Brent crude fell 15% on April 8, 2026 — the biggest single-day crash since the 1991 Gulf War. Inside the oil collapse after the US-Iran ceasefire.

April 8, 2026. Brent crude plunged 15% in a single trading session — the biggest one-day crash since the 1991 Gulf War. The price fell nearly $17, dropping to $92.28 per barrel, according to data reported by The Guardian. Just 24 hours earlier, WTI had surged past $115 per barrel. The trigger for this reversal was the unexpected announcement of a ceasefire between the United States and Iran, which caught markets off guard and sparked a massive sell-off in oil futures contracts.

The drop was not just a number on a trading screen. It marked the abrupt end of weeks of panic in energy markets, during which Iran's closure of the Strait of Hormuz had caused the largest supply disruption in modern history. Container ships were rerouted around the Cape of Good Hope, adding weeks to global trade routes. Physical "dated" Brent had touched $150 per barrel before the ceasefire.

This article provides an in-depth analysis of what happened, why it happened, and what verified data from sources including Euromaidan Press, CNBC, and USA Today reveal about the crisis that shook the global energy market.


What Happened #

The trading session of April 8, 2026, will be recorded in financial history books. Brent crude, the international benchmark for oil prices, registered a 15% drop in a single day. According to The Guardian, the barrel fell nearly $17, closing at $92.28. It was the largest single-day percentage decline since January 1991, when the US-led coalition launched Operation Desert Storm against Saddam Hussein's Iraq.

WTI (West Texas Intermediate), the American benchmark, also posted its biggest one-day drop since 2020, as reported by CNBC. Just the day before, on April 7, WTI had surged past $115 per barrel, driven by fears that the US-Iran conflict would drag on indefinitely.
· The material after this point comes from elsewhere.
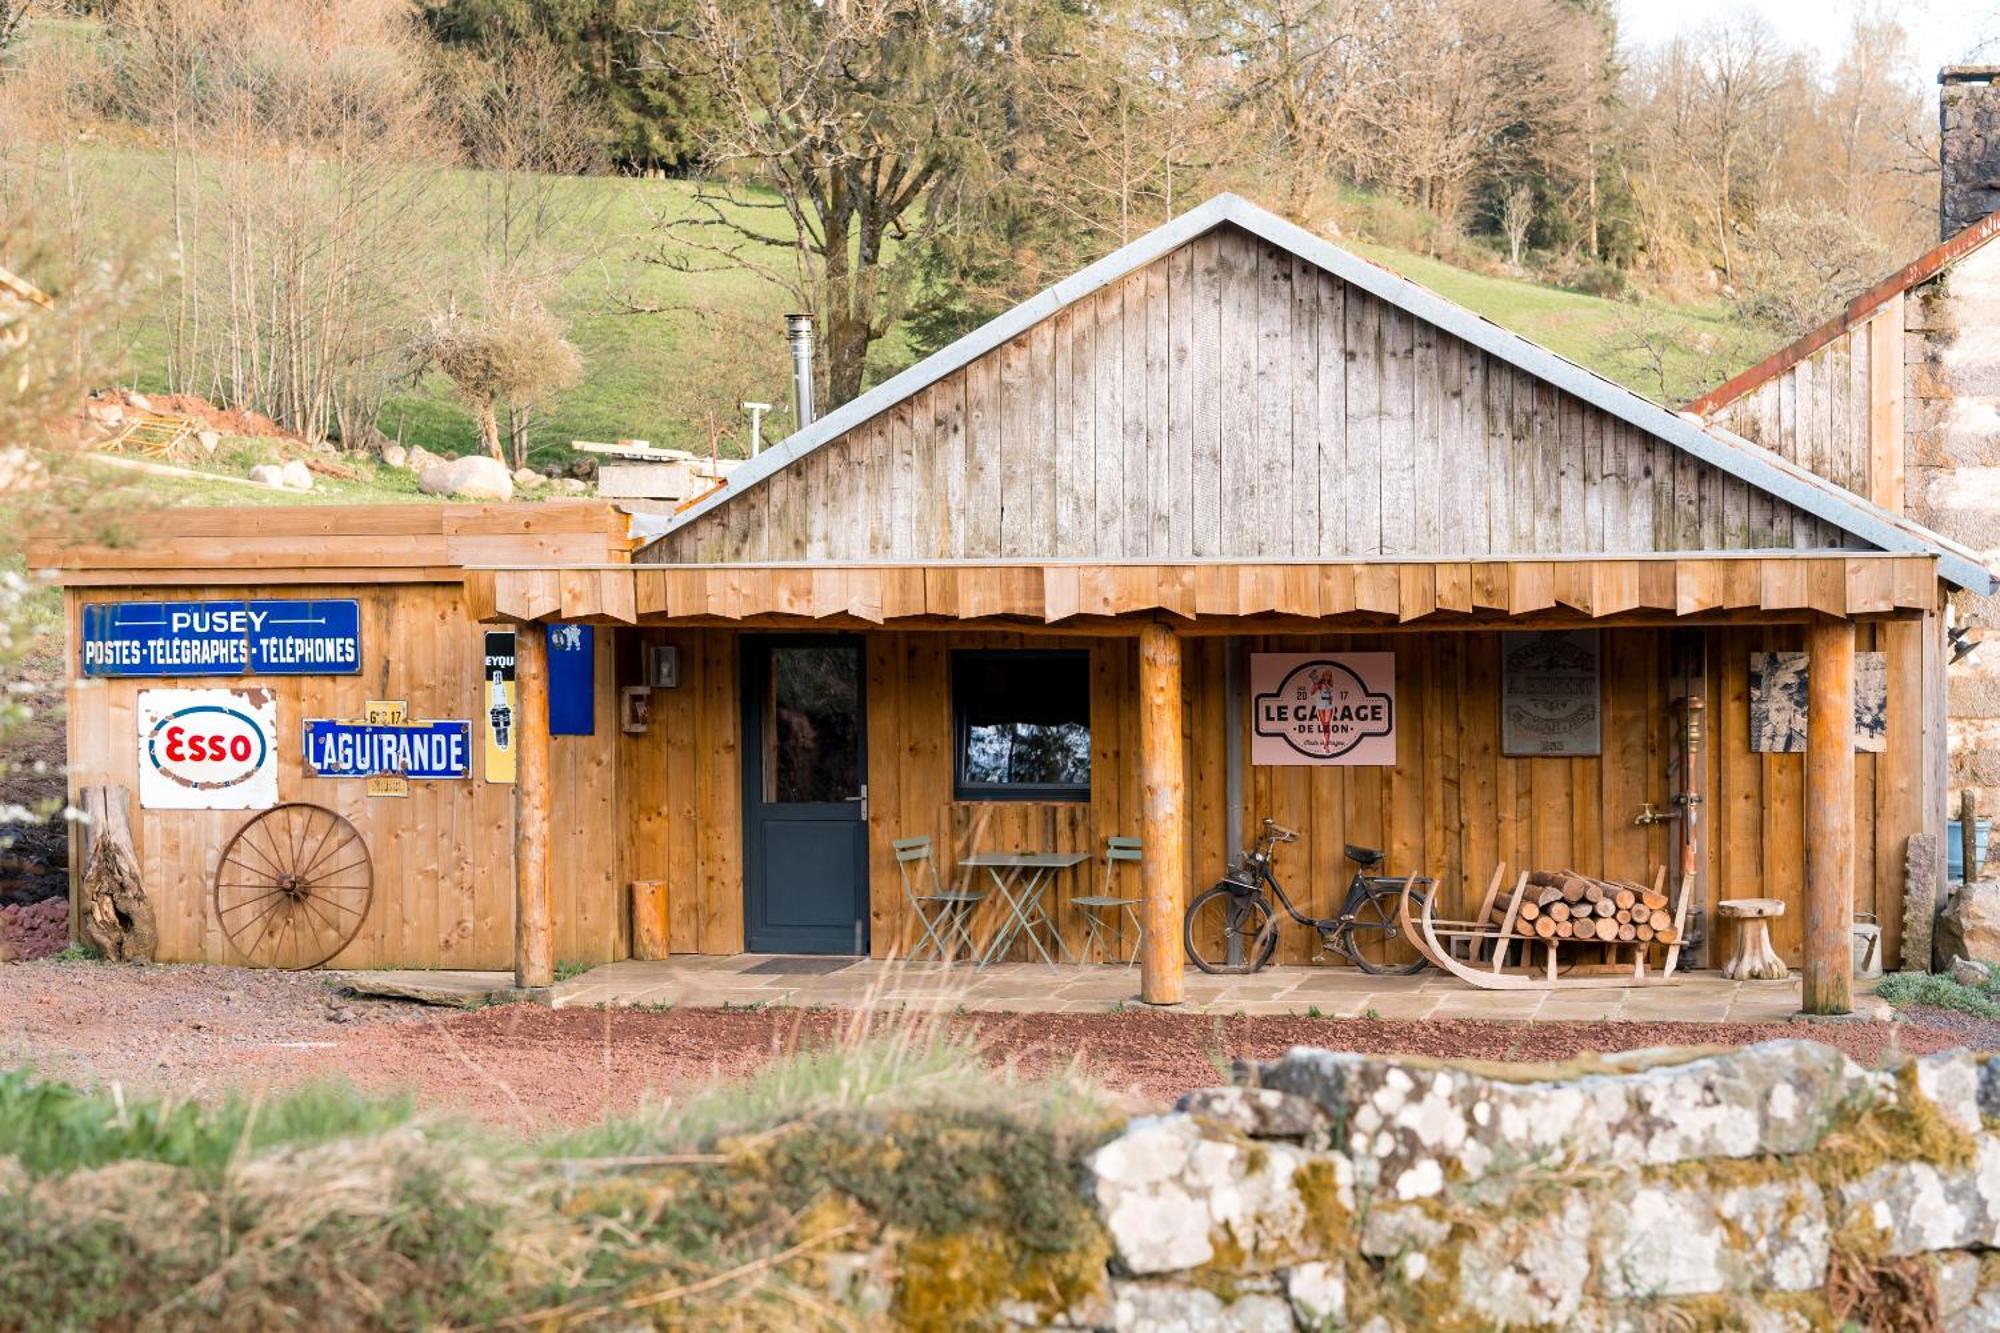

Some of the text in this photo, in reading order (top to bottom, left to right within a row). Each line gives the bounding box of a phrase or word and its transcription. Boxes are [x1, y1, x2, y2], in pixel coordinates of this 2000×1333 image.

The catalyst for the crash was the unexpected announcement of a ceasefire between Washington and Tehran. The news hit markets during European trading hours and triggered a wave of selling that quickly spread to New York and Asia. Traders who had bet on continued oil price increases were forced to liquidate positions, amplifying the decline.
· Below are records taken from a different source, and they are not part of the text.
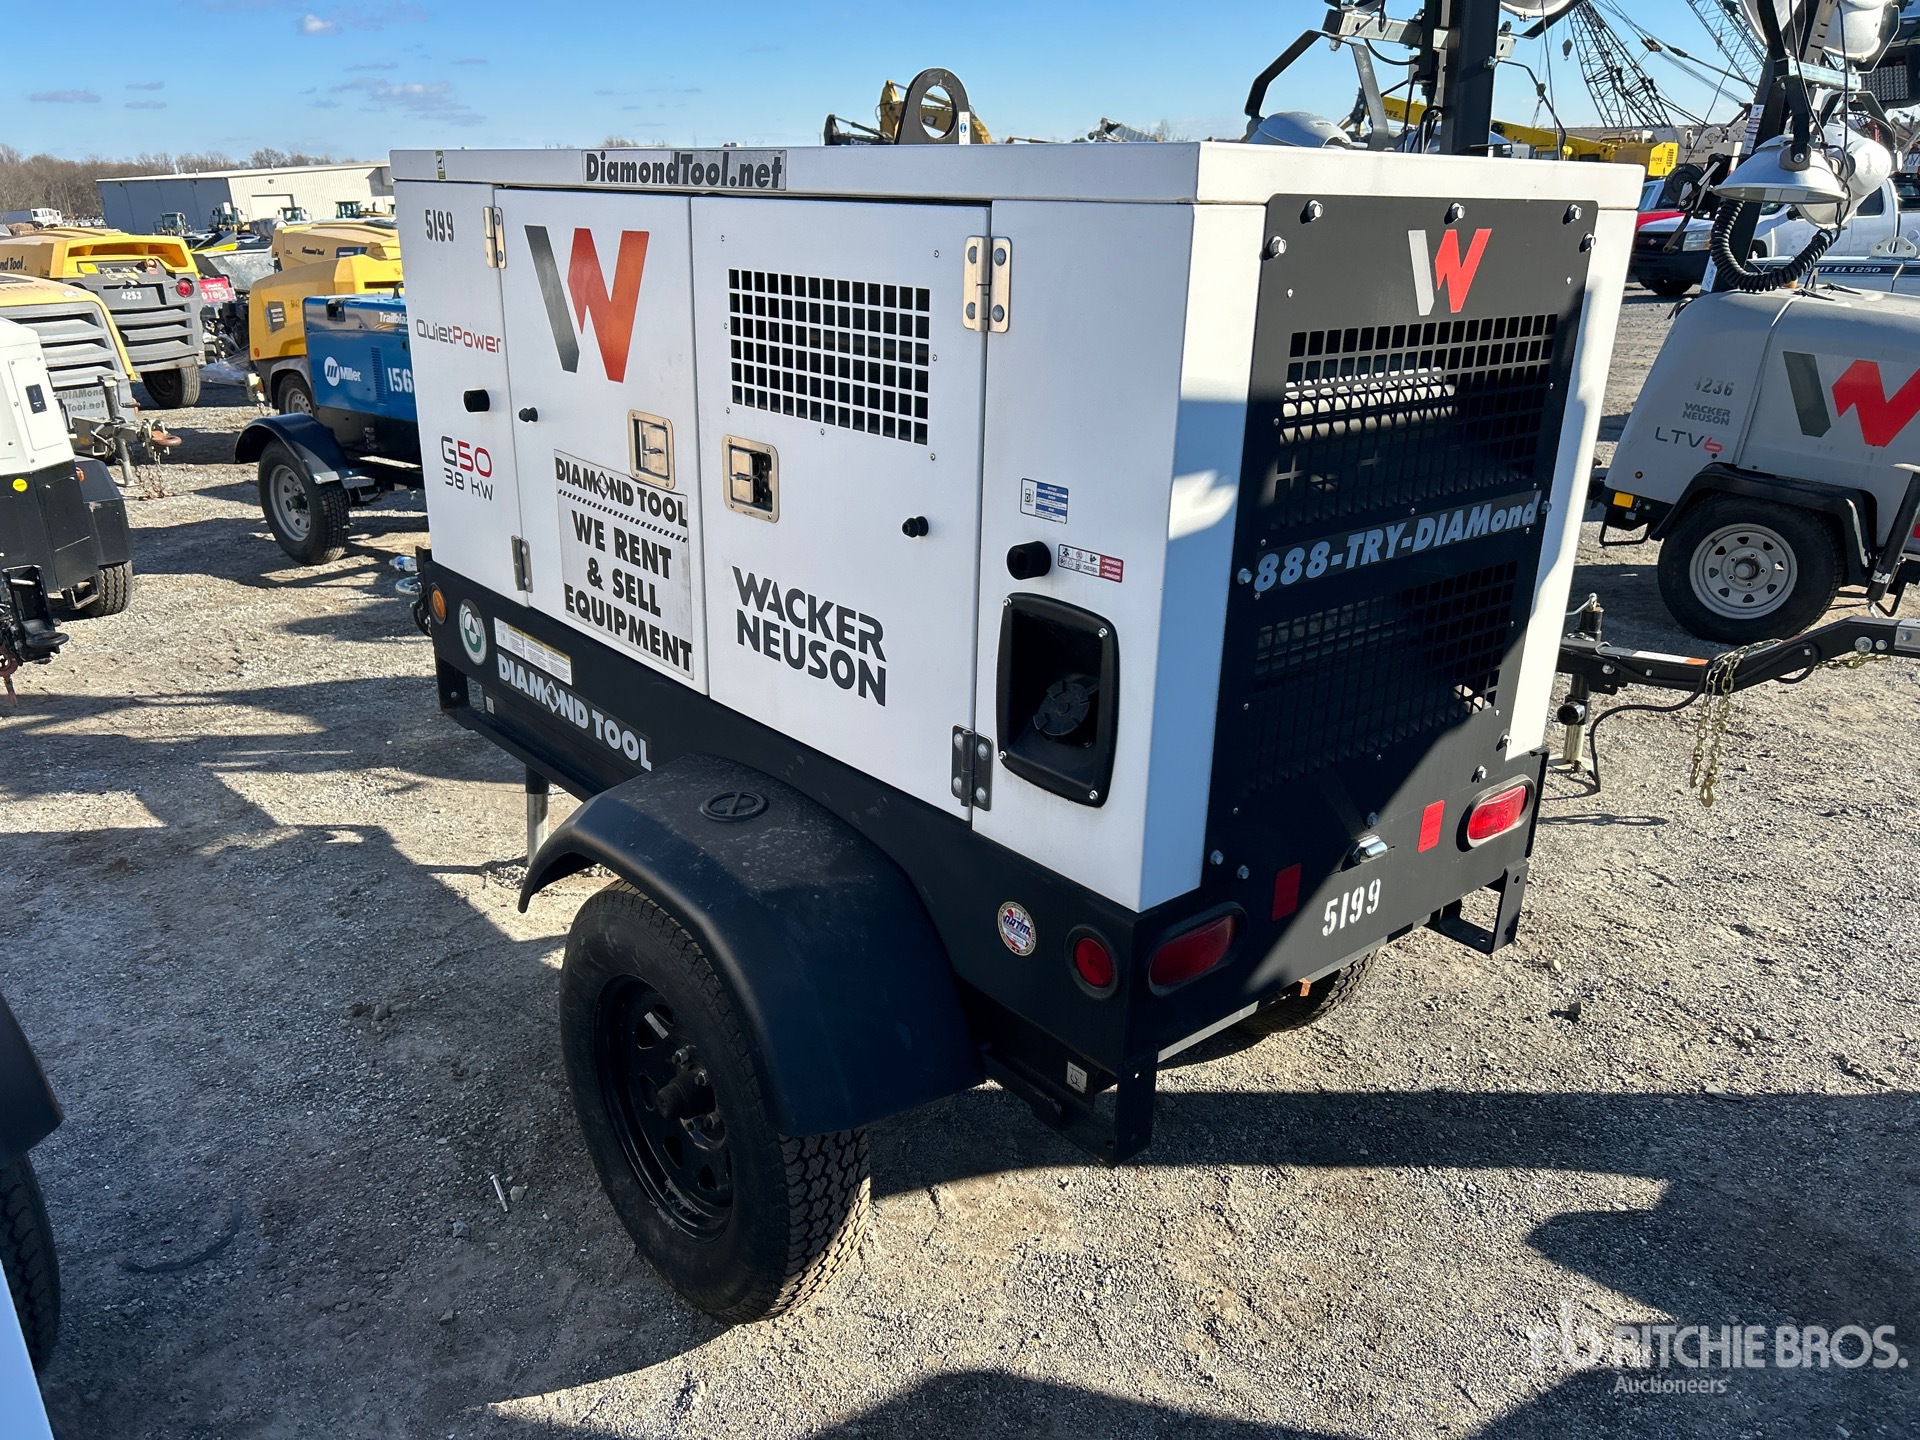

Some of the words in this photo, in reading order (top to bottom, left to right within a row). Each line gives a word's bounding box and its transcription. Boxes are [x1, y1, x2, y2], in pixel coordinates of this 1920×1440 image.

[586, 151, 783, 189] DiamondTool.net
[425, 209, 455, 242] 5199
[10, 255, 24, 270] Tool
[121, 291, 142, 300] 4253
[416, 319, 501, 353] QuietPower
[67, 400, 105, 412] Tool.net
[1682, 410, 1731, 426] NEUSON
[1684, 402, 1731, 418] WACKER
[441, 436, 493, 478] G50
[1655, 426, 1723, 453] LTV6
[444, 467, 465, 491] 38
[637, 487, 688, 528] TOOL
[571, 509, 606, 553] WE
[613, 527, 672, 580] RENT
[1253, 490, 1542, 592] 888-TRY-DIAMond
[587, 557, 604, 591] &
[612, 568, 662, 618] SELL
[564, 582, 692, 673] EQUIPMENT
[731, 565, 887, 663] WACKER
[736, 608, 887, 707] NEUSON
[592, 708, 652, 772] TOOL
[1322, 878, 1381, 937] 5199
Oil fell below the psychological $100 per barrel mark for the first time in weeks. To put the magnitude of the move in context: before the ceasefire, physical "dated" Brent — which reflects the actual price of cargoes delivered in the North Sea — had touched $150 per barrel, according to data compiled by The Guardian.

The speed of the decline surprised even veteran analysts. Within hours, billions of dollars in market value evaporated from oil futures contracts. Hedge funds holding long positions in energy commodities suffered significant losses, while airlines and transportation companies saw their stocks surge on the prospect of lower fuel costs.
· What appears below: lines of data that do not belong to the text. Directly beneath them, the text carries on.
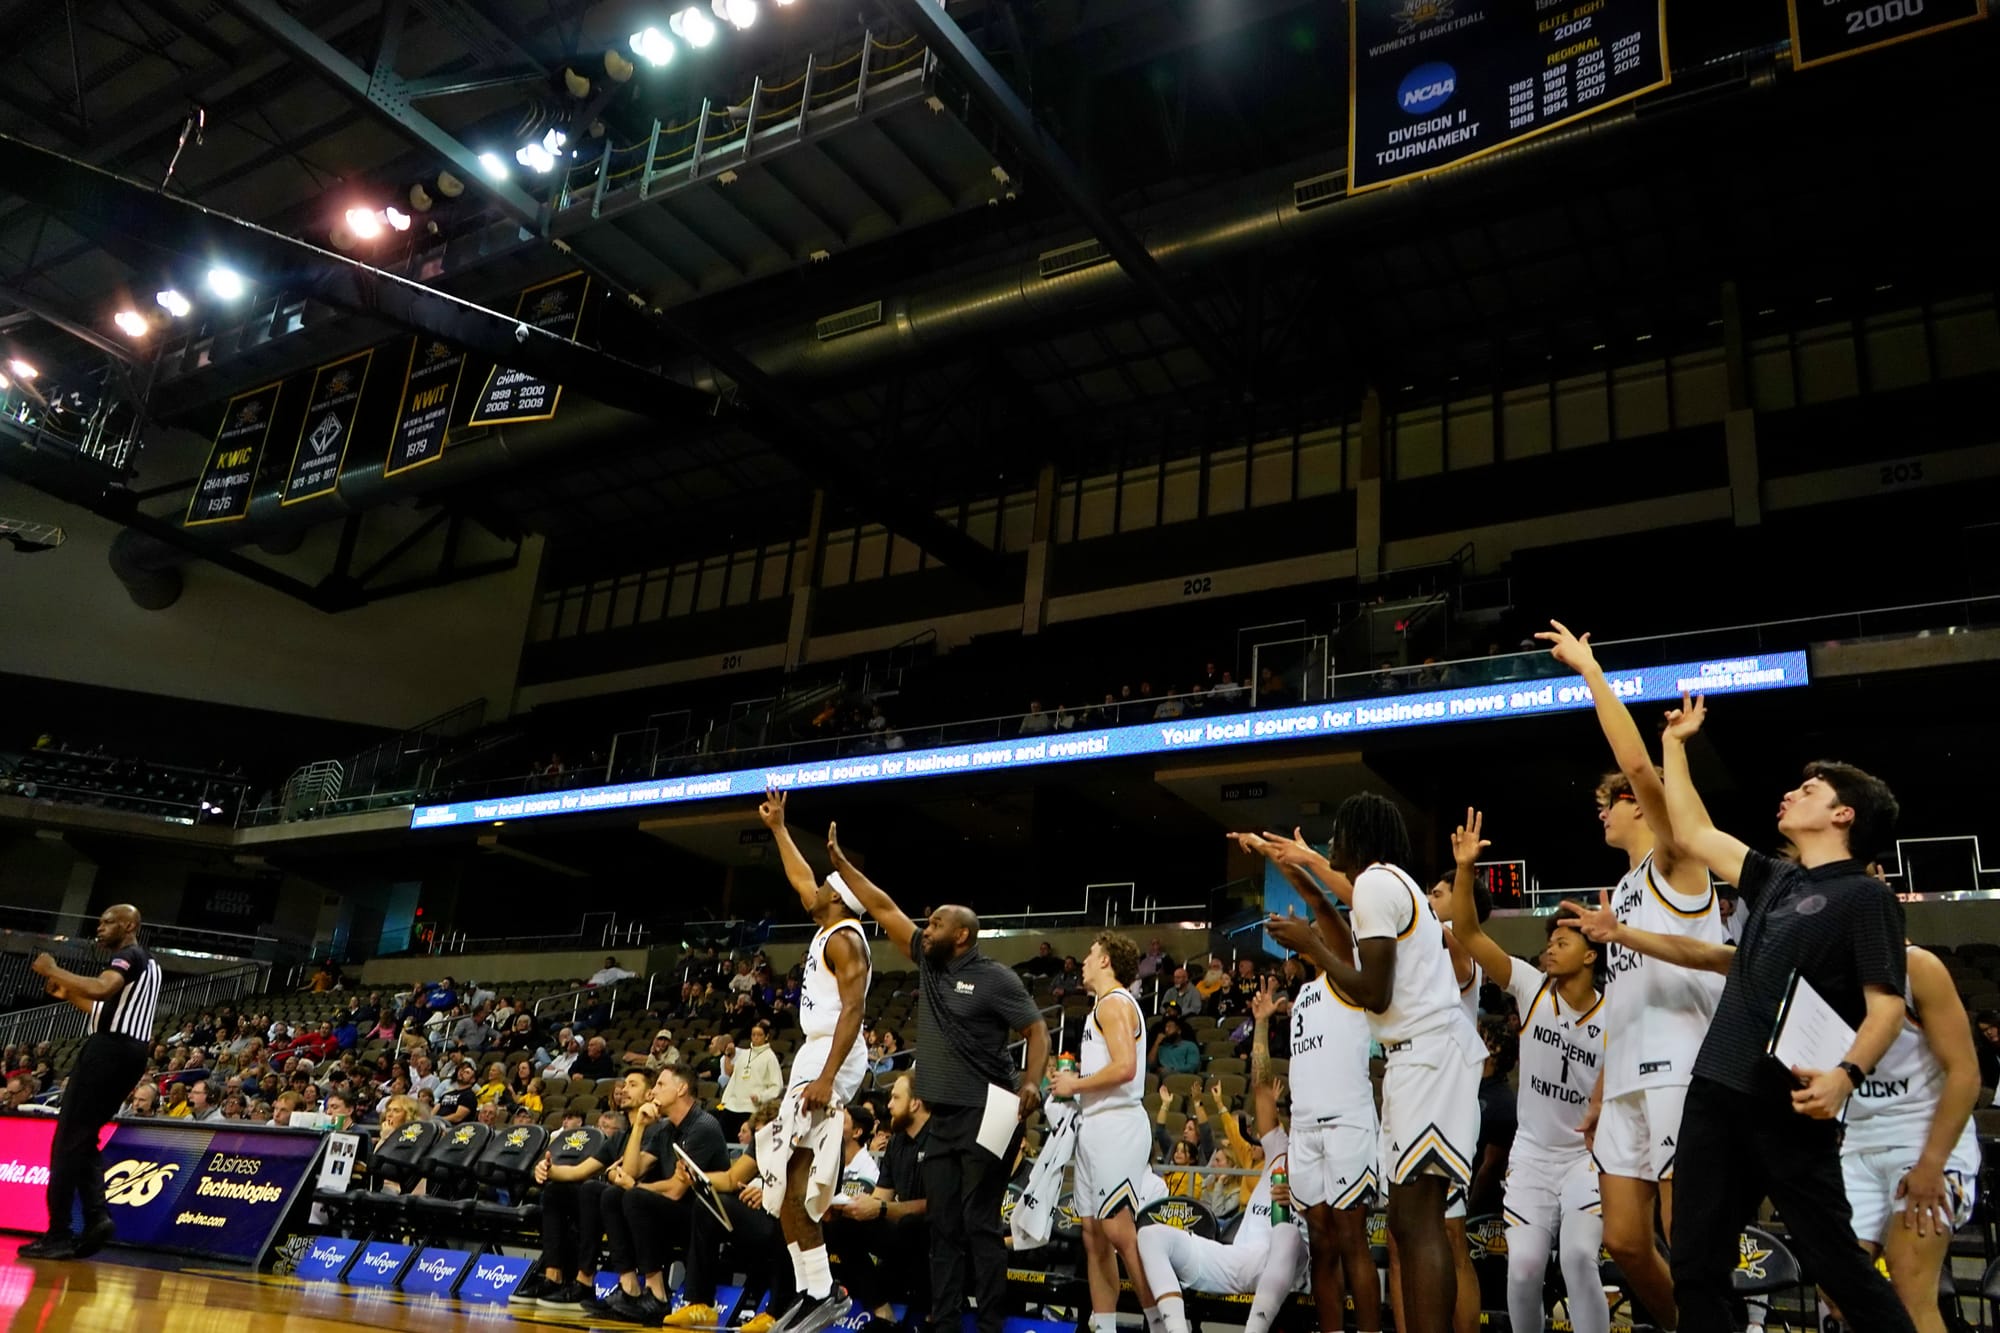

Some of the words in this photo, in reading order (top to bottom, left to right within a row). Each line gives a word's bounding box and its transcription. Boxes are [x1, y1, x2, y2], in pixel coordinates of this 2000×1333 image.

[1538, 12, 1568, 33] ELITE
[1573, 0, 1605, 18] EIGHT
[1554, 17, 1592, 41] 2002
[1846, 0, 1924, 34] 2000
[1369, 35, 1416, 57] WOMEN'S
[1419, 11, 1485, 41] BASKETBALL
[1547, 36, 1600, 66] REGIONAL
[1577, 48, 1603, 67] 2001
[1611, 31, 1641, 52] 2009
[1543, 87, 1568, 105] 1992
[1576, 72, 1606, 92] 2006
[1614, 56, 1640, 76] 2012
[1544, 76, 1566, 93] 1991
[1576, 60, 1605, 80] 2004
[1614, 44, 1640, 63] 2010
[1404, 79, 1454, 106] NCAA
[1543, 99, 1568, 117] 1994
[1577, 83, 1606, 103] 2007
[1388, 113, 1452, 145] DIVISION
[1458, 108, 1467, 123] II
[1375, 122, 1480, 166] TOURNAMENT
[411, 383, 449, 413] NWIT
[519, 385, 546, 397] 2000
[484, 400, 510, 413] 2006
[517, 398, 544, 410] 2009
[216, 446, 253, 471] KWIC
[406, 438, 428, 458] 1979
[203, 472, 250, 491] CHAMPIONS
[1880, 463, 1922, 484] 203
[208, 496, 232, 512] 1976
[1184, 577, 1211, 595] 202
[722, 655, 741, 670] 201
[1161, 728, 1202, 745] Your
[1206, 719, 1250, 741] local
[1255, 718, 1317, 736] source
[1323, 710, 1352, 729] for
[1356, 700, 1445, 726] business
[1450, 691, 1505, 715] news
[1511, 686, 1553, 709] and
[766, 771, 795, 787] Your
[798, 764, 830, 784] local
[832, 764, 878, 780] source
[882, 757, 904, 777] for
[906, 752, 969, 773] business
[973, 750, 1012, 766] news
[1016, 743, 1045, 760] and
[1049, 736, 1108, 758] events!
[474, 804, 497, 818] Your
[498, 800, 523, 817] local
[525, 798, 560, 813] source
[562, 795, 579, 811] for
[580, 790, 627, 808] business
[629, 787, 660, 801] news
[662, 781, 684, 798] and
[686, 778, 731, 797] events!
[1295, 1013, 1304, 1038] 3
[1292, 1034, 1323, 1056] TUCKY
[1561, 1055, 1569, 1084] 1
[1531, 1074, 1591, 1106] KENTUCK
[1858, 1077, 1909, 1098] UCKY
[208, 1153, 261, 1175] Business
[196, 1176, 282, 1204] Technologies
[176, 1210, 227, 1228] gbs-inc.com
[287, 1236, 314, 1250] NORS
[318, 1245, 346, 1269] Kroger
[371, 1251, 399, 1275] Kroger
[426, 1258, 456, 1282] Kroger
[485, 1264, 517, 1290] Kroger
The sell-off was not limited to crude oil. Natural gas futures, refined product contracts, and energy-related equities all experienced sharp moves. The VIX index, often called Wall Street's "fear gauge," spiked as traders scrambled to reassess their positions across asset classes.


The announcement of the US-Iran ceasefire on April 8, 2026, was the event that crashed oil prices. But the market reaction was not uniform. While the initial 15% drop reflected immediate relief, the following days showed that skepticism ran deep.

According to Euromaidan Press, the ceasefire was mediated through diplomatic channels involving Oman and Qatar as intermediaries. The terms included the gradual reopening of the Strait of Hormuz and the suspension of American military operations against Iranian targets. In exchange, Iran agreed to allow international inspections of its nuclear facilities.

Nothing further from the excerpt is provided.